The church is being sandbagged on June 20, 2002


Taken from the Kittson County History Book

St. Michael’s Church, Caribou

Caribou, Minnesota is a district just south of the U.S. border neighboring the Arbakka district on the Canadian side. When pioneers first came to these areas there was no border between Canada and the United States.

 The settlers were mostly Ukrainians with a few other nationalities, such as English, Icelandic, Swedes and others.

 The first postmaster in Arbakka was Mr. Gillies, an Icelander who lived near the banks of the Roseau River. Arbakka in Icelandic means ‘river bank”. The settlers came at their own risk, and their life was far from being easy.

 Caribou was further south a few miles and the settlers worked together, visited each other and made lasting friends. Very early in 1900, a Ukrainian Orthodox Church was built in the Arbakka district with voluntary labor. The church was built on land donated by a Mr. Karol. The priest servicing the area came from Canada.

 In 1905, the homesteaders in the Caribou area built the St.

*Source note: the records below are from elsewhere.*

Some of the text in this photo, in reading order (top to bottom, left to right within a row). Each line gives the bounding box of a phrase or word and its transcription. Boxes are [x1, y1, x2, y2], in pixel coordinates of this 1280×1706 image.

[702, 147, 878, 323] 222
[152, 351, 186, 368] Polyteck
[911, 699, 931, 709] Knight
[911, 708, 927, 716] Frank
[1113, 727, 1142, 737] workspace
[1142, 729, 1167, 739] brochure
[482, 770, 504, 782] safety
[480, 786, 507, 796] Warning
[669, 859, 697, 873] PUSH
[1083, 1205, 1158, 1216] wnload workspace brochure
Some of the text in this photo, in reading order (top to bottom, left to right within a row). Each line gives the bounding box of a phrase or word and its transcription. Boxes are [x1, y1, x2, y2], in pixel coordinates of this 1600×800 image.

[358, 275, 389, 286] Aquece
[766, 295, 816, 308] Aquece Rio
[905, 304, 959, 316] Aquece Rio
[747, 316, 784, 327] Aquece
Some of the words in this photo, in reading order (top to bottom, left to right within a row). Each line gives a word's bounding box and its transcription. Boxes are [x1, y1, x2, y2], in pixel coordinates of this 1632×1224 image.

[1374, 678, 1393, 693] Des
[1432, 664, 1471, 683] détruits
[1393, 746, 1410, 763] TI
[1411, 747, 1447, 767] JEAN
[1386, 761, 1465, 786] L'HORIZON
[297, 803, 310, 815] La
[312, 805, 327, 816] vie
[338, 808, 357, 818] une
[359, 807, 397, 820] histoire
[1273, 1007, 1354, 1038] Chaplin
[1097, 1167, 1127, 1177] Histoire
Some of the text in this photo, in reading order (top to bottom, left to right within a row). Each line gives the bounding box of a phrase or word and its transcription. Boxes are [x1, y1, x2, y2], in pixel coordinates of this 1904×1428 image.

Michael’s Orthodox Church on land donated by Sandyk Mykytey, a part of his homestead. This wooden hand-built structure was built by builders from Bukovina, Ukraine. The priest that officiated in the church nearby in Arbakka officiated there also. The church, now 70 years old, still stands.

In 1909, a boundary line as made between Canada and the United States. Iron posts were placed as markers. They still remain. Caribou was one mile south of the border and Arbakka two miles north of it. People still mixed and traveled back and forth since there was no Customs Station and no one seemed to bother about the border for a number of years.

 In 1930, the boundary laws were enforced, people arrested, horses and cars were taken away for illegal crossing. No longer could friends, neighbors and relatives visit freely with the people on “the other side” without first going through Customs in Emerson.

Changes came about too through intermarriages, in ways of living as well as in religion. For many years the St. Michael’s Church in Caribou was only used for special services and funerals. The church and grounds have been very well kept by its few members.

In 1974, Mrs. Kushniryuk of Saskatchewan donated a large sum of money to the church. The church committee, J. Kowaliuk (President), J. Pready (Treasurer) and Irene Weleski (Secretary) and others, had the exterior of the church renovated and painted. The humble beauty of the interior remains the same as it was originally built. It is unique in appearance.

 The first Sunday in July, 1975, will long be remembered by the few members of the Caribou Church, for it was that day with the efforts of a few members as well as the help of Father Thatcher of Vita, that Divine Liturgy was held in the church after some 30 years of having only special services or funerals there. There were people there from Fargo, North Dakota, Minneapolis, St. Paul and many other areas of Minnesota, as well as Sundown, Vita, Winnipeg, Arbakka, Gardenton, Tolstoi and other places in Manitoba, Canada.

 Father Thatcher of Vita officiated and Martin Chobotar of Sundown was Cantor.

Many families and friends were reunited after many years. Tears of joy were shed by many. Surely the presence of the Almighty was felt by many as they once again prayed together in their church.